FETÖ’nün örgüt içindeki gerilimi artıran bu miras ve vasiyet krizi, birçok eski liderin birbirleriyle çatışmasına neden oldu. Yurt dışında yaşayan bazı FETÖ mensupları, Gülen’in vasiyetinde özel bir madde olduğunu iddia ederken, diğerleri ise bu iddianın asılsız olduğunu savunuyor. Bunun ötesinde, kimlerin Gülen’in gerçek vasiyetine vakıf olduğu ve bu bilgilere nasıl ulaştıkları da tartışmalara neden olmaktadır.
Bazı eski FETÖ üyeleri, örgüt içerisinde bulunan karışıklıkları ve çatışmaları fırsat bilerek kendi kişisel çıkarları için yeni ittifaklar kurmaya başlamış durumda. Özellikle yurt dışında bulunan ve Türkiye ile çatışma halinde olan FETÖ üyeleri, Gülen’in mirasını yaşatmak adına farklı stratejiler geliştirmeyi amaçlıyor. Bu durum, FETÖ’nün uluslararası ilişkilerinde de yeni bir dönem başlangıcının habercisi olabilir.
Örgütün kültürel ve sosyal faaliyetleri üzerindeki etkisi, çeşitli finansman kaynaklarının da tartışma konusu olmasına yol açtı. Gülen’in vefatından sonra, bazı fonların ve eğitim projelerinin nasıl yönetileceği konularında belirsizlikler ortaya çıktı. Bu belirsizlikler, FETÖ’nün düşüşte olan gücünü daha da zayıflatabilir.
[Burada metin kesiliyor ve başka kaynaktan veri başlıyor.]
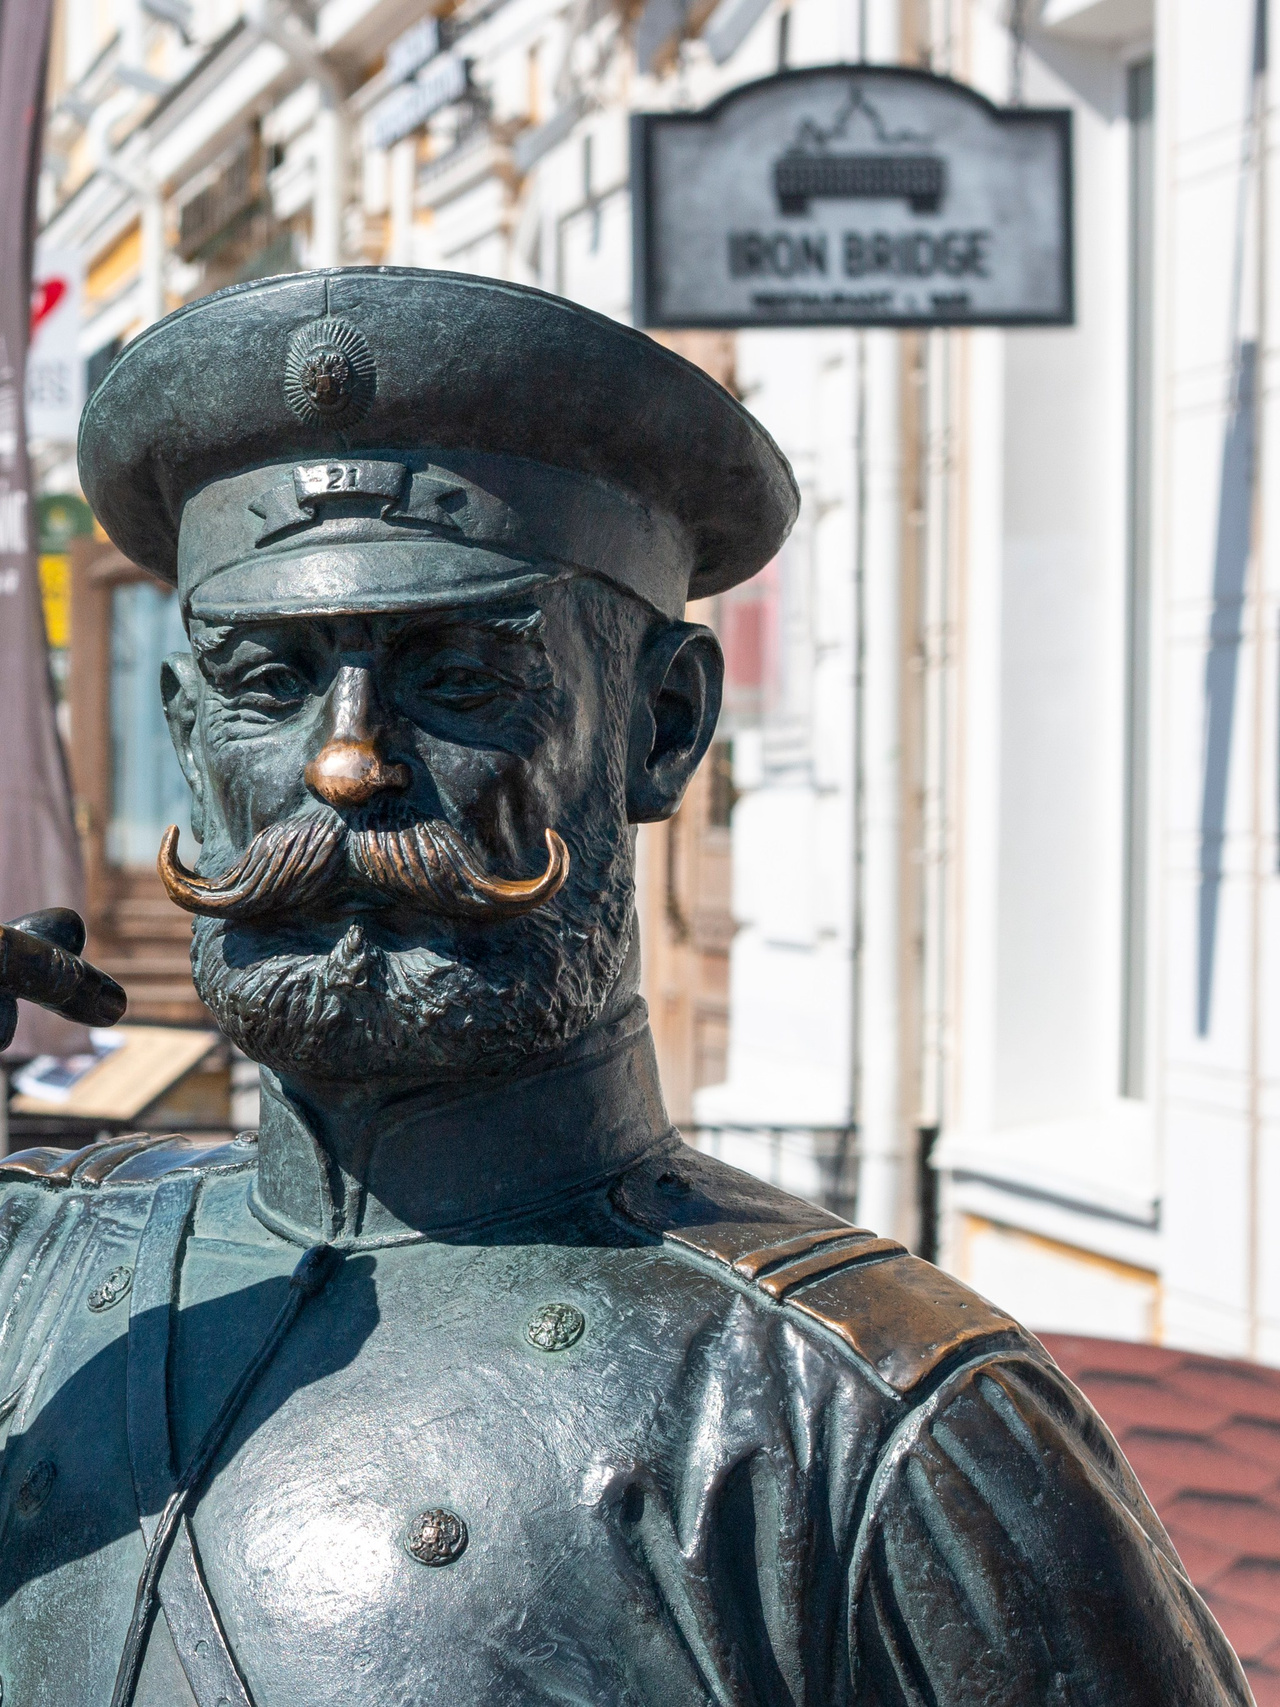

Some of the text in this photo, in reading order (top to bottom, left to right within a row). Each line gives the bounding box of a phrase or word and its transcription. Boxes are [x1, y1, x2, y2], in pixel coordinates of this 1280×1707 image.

[728, 228, 991, 279] IRON BRIDGE
[327, 465, 360, 490] 21
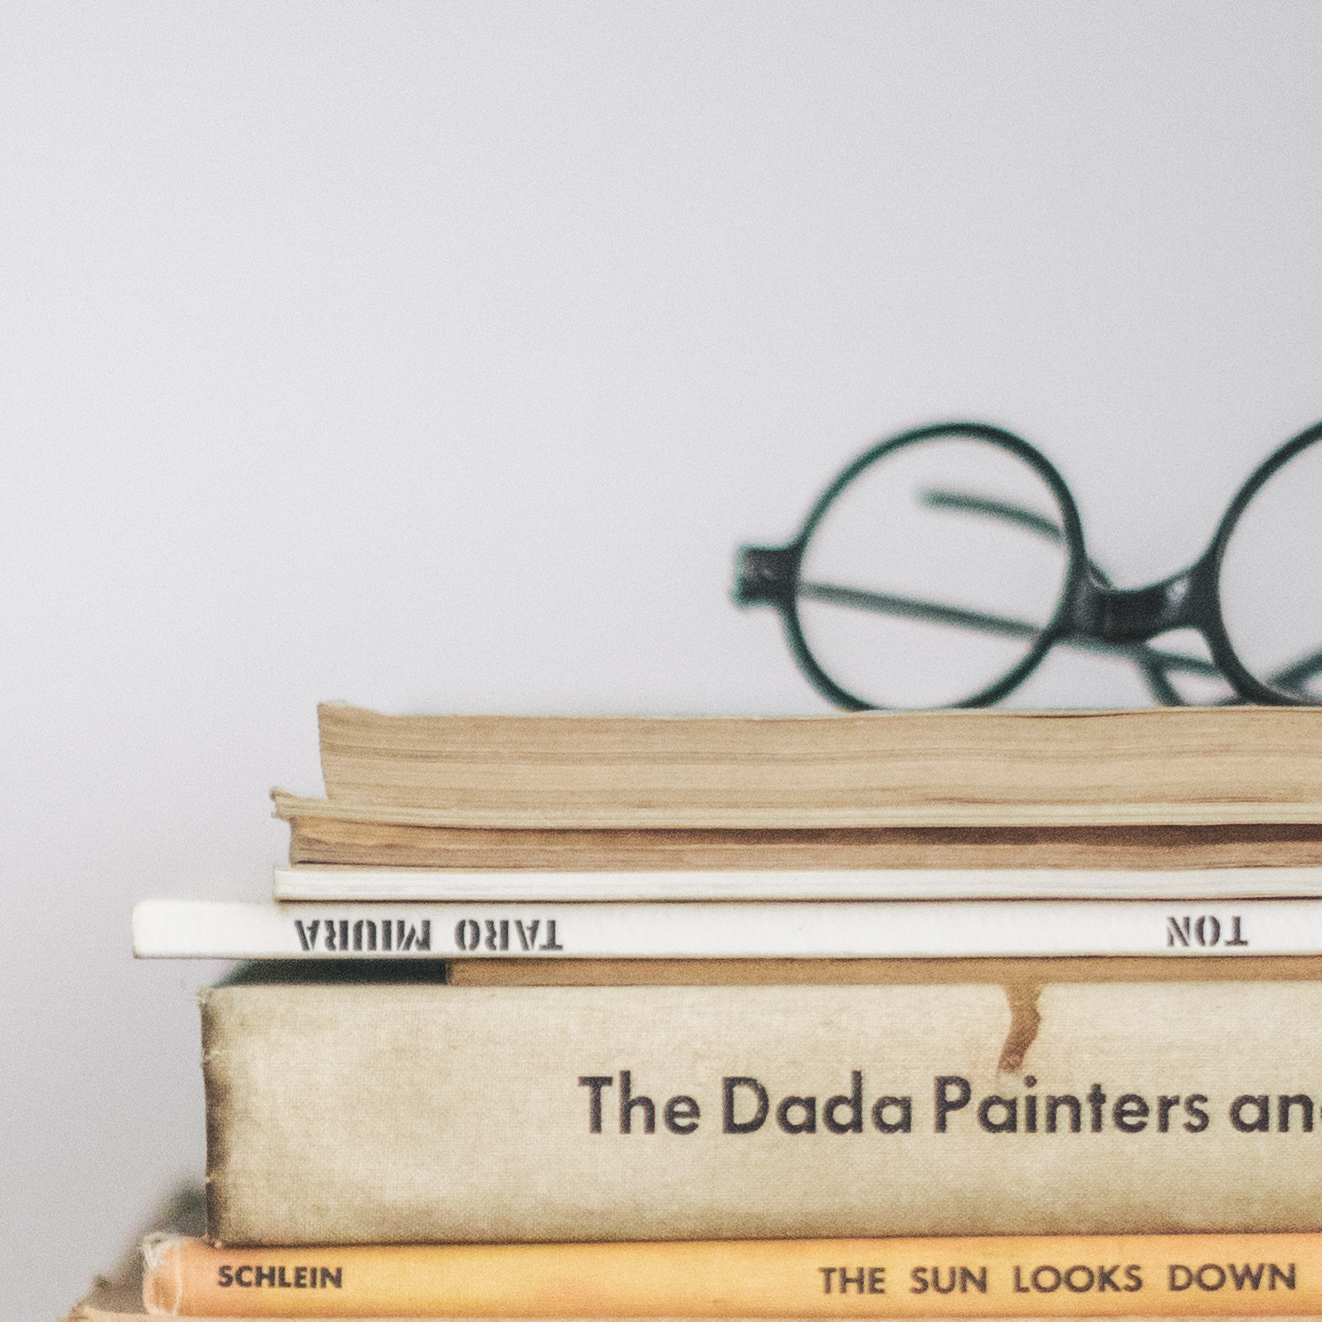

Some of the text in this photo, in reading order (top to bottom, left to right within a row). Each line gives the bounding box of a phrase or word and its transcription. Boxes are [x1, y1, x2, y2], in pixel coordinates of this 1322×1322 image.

Diğer yandan, miras mücadelesinin derinleşmesi, örgütün disiplinini ve bağlılığını da ciddi biçimde sorgulatıyor.
Türkiye’deki yetkililer, FETÖ'nün mirası konusunda daha önceki gibi dikkatli ve tedbirli değil. Bu nedenle, tartışmaların ve bunun sonucunda yaşanan bölünmelerin yeniden örgütün eski etkilerini kazanması konusunda riskleri artırabileceği göz önünde bulunduruluyor. Yine de, Gülen’in ölümü sonrası devam eden bu çatışmaların, FETÖ’nün uluslararası arenadaki pozisyonunu nasıl etkileyeceği henüz belirsizliğini koruyor.
Sonuç olarak; FETÖ elebaşı Fetullah Gülen’in mezarının camlarla çevrilmesi ve bunun beraberinde getirdiği miras ve vasiyet krizinin, terör örgütü içinde yarattığı huzursuzluğun artmasına neden olduğu aşikâr. Bu süreç, hem FETÖ’nün geleceği hem de Türkiye’nin güvenliği açısından büyük bir önem taşımaktadır. Örgüt içinde süren bölünmeler ve kargaşa, FETÖ’nün toplumsal etkilerini her geçen gün daha çok sorgulatıyor. FETÖ ile bağlantılı kitlelerin, bu gelişmelere nasıl yanıt vereceği ise merak konusu olmaya devam ediyor.